Furthermore: Where the Headlines Take You
Surgical teams in three quarters of Oregon hospitals have started using a simple tool to make operations safer, and it’s cut down on mistakes by 30%! This new tool is a short checklist developed by the World Health Organization (though we have our own version in Oregon), and it gives nurses, technicians, and doctors a methodical way to make sure they have all their ducks in a row. Do we all know each other by name? Check! Do we have the right patient and do we know what operation we’re performing? Check! Does this person have any allergies? Check! Have we removed all the sponges, surgical towels, needles, and instruments we used in this person’s body? Check!
Are you fascinated to learn more about how this works? I’ve got the book for you: The Checklist Manifesto, by Atul Gawande (a surgeon and professor at Harvard Medical School who also writes for The New Yorker). Gawande examines checklists in construction, investing, aviation and other fields, but he focuses on checklists in his own profession, medicine.

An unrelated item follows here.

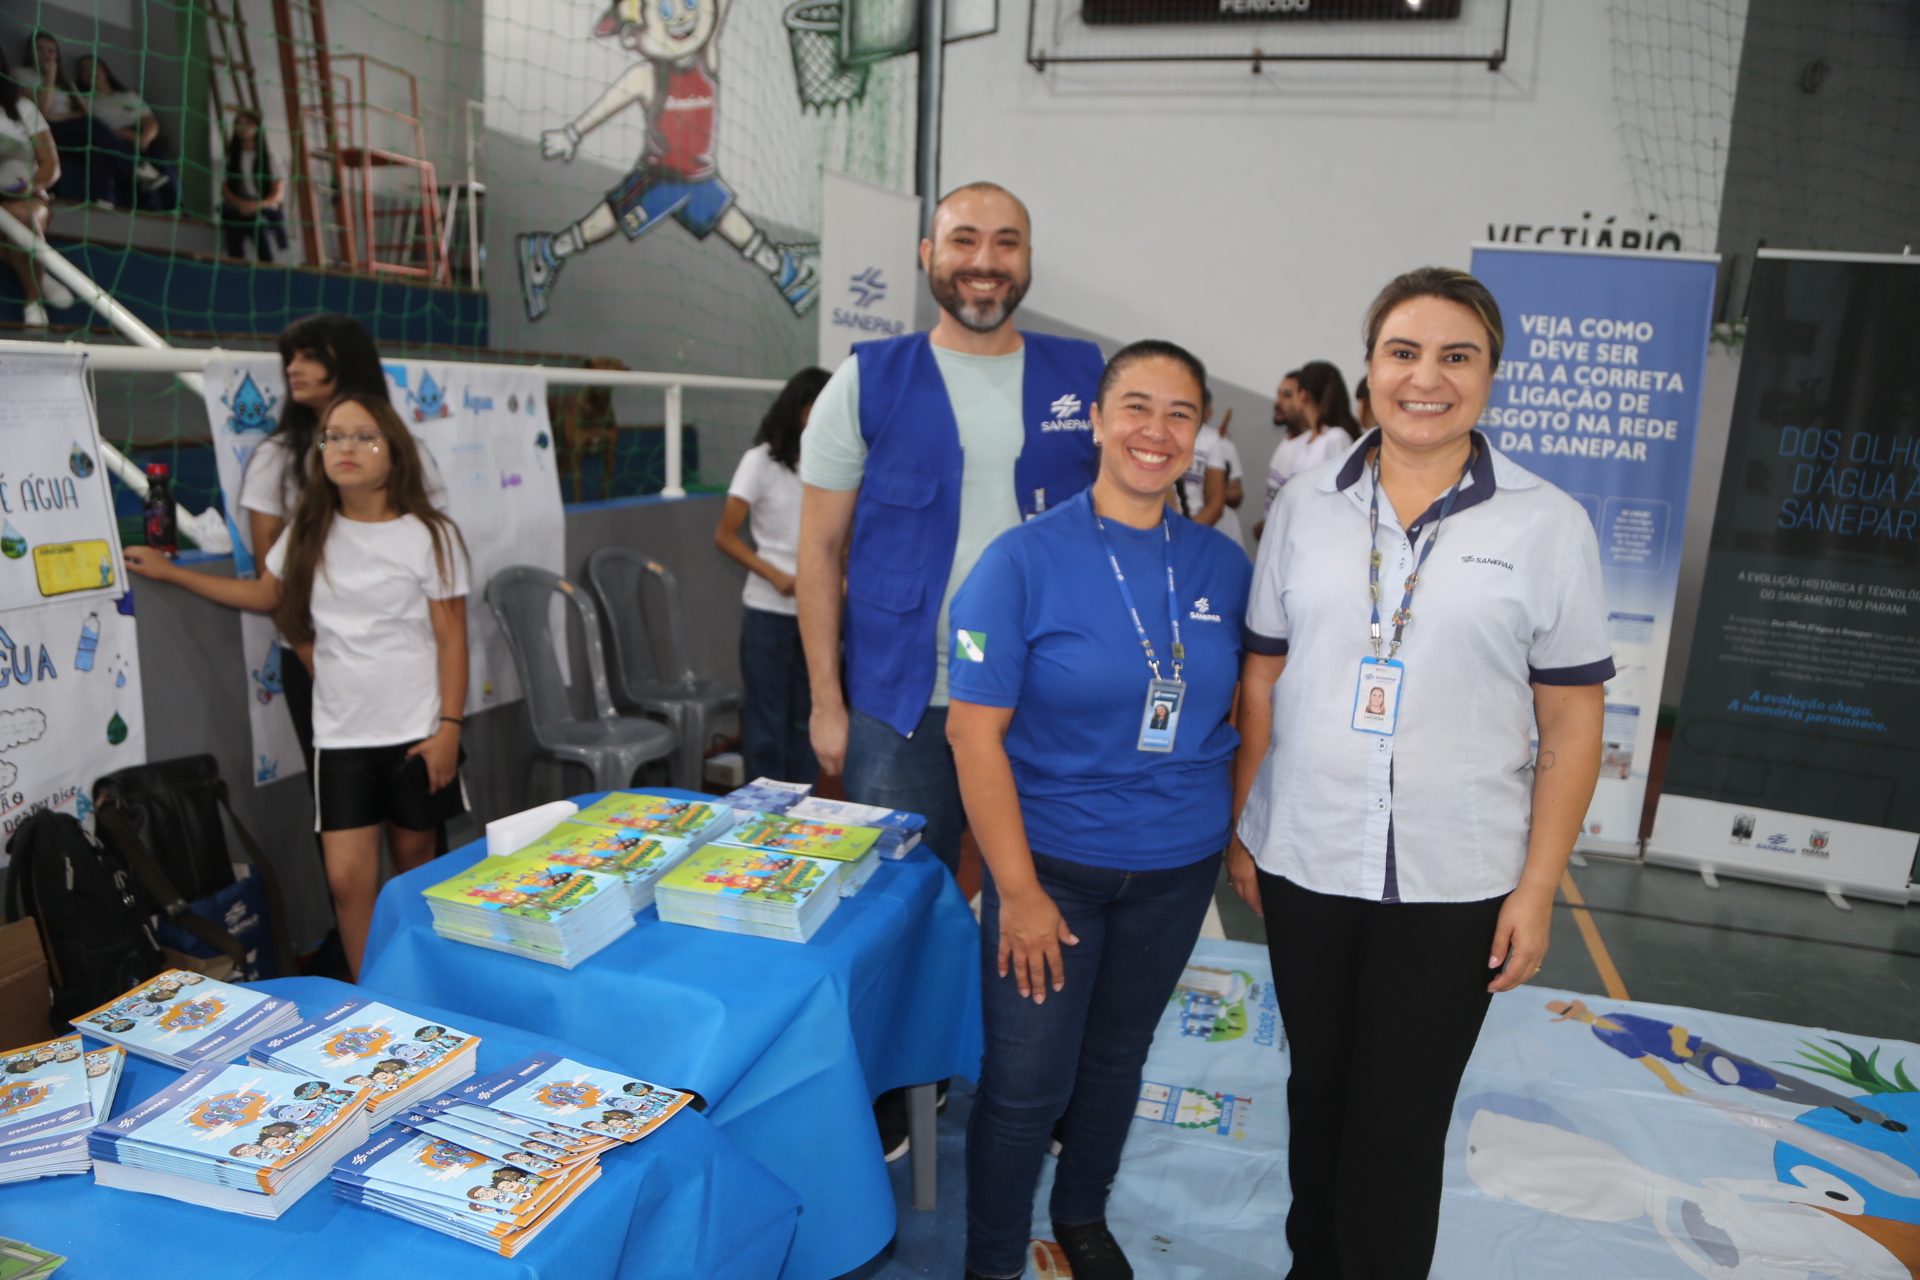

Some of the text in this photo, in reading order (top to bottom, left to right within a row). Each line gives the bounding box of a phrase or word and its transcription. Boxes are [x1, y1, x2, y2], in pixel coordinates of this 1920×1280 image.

Here’s what I found most fascinating: research has shown that surgeons are so rock star-like that it’s hard for other members of a surgical team to interrupt if they notice something’s amiss. It’s too intimidating! But, when people are polite and friendly, it makes that interruption feel collegial instead of confrontational – that is, if everyone has to say “Hi everyone, I’m Dr. So-and-so and I’m the anesthesiologist” (or whatever), they’re more likely to speak up when something’s wrong.
Safety checklists were first developed in aviation, and even those of us who have never once fantasized about being behind the controls of a jet airplane have seen this in action. Before takeoff in every commercial flight, flight attendants (whose main job is promoting safety, although they will also get you a ginger ale if you ask nicely) take their passengers through a miniature safety training. If that doesn’t do it, you can always review the information in the safety card in your seat pocket. Eric Ericson and Johan Pihl’s Design for Impact explains the history of airline safety cards, and reproduces hundreds of elegant, amusing, and instructive examples from the last fifty years of safer flying.
Everyone knows that scientists have to follow careful safety protocols – Professor Max Axiom, Super Scientist teaches kids the basics of science experiment safety measures in Lessons in Science Safety. This helpful comic from Donald B. Lemke, Thomas K. Adamson, Tod Smith and Bill Anderson gets readers ready to learn basic lab science safely with sections on preparing for the lab, working safely, handling accidents, and cleaning up. Entertaining and instructional!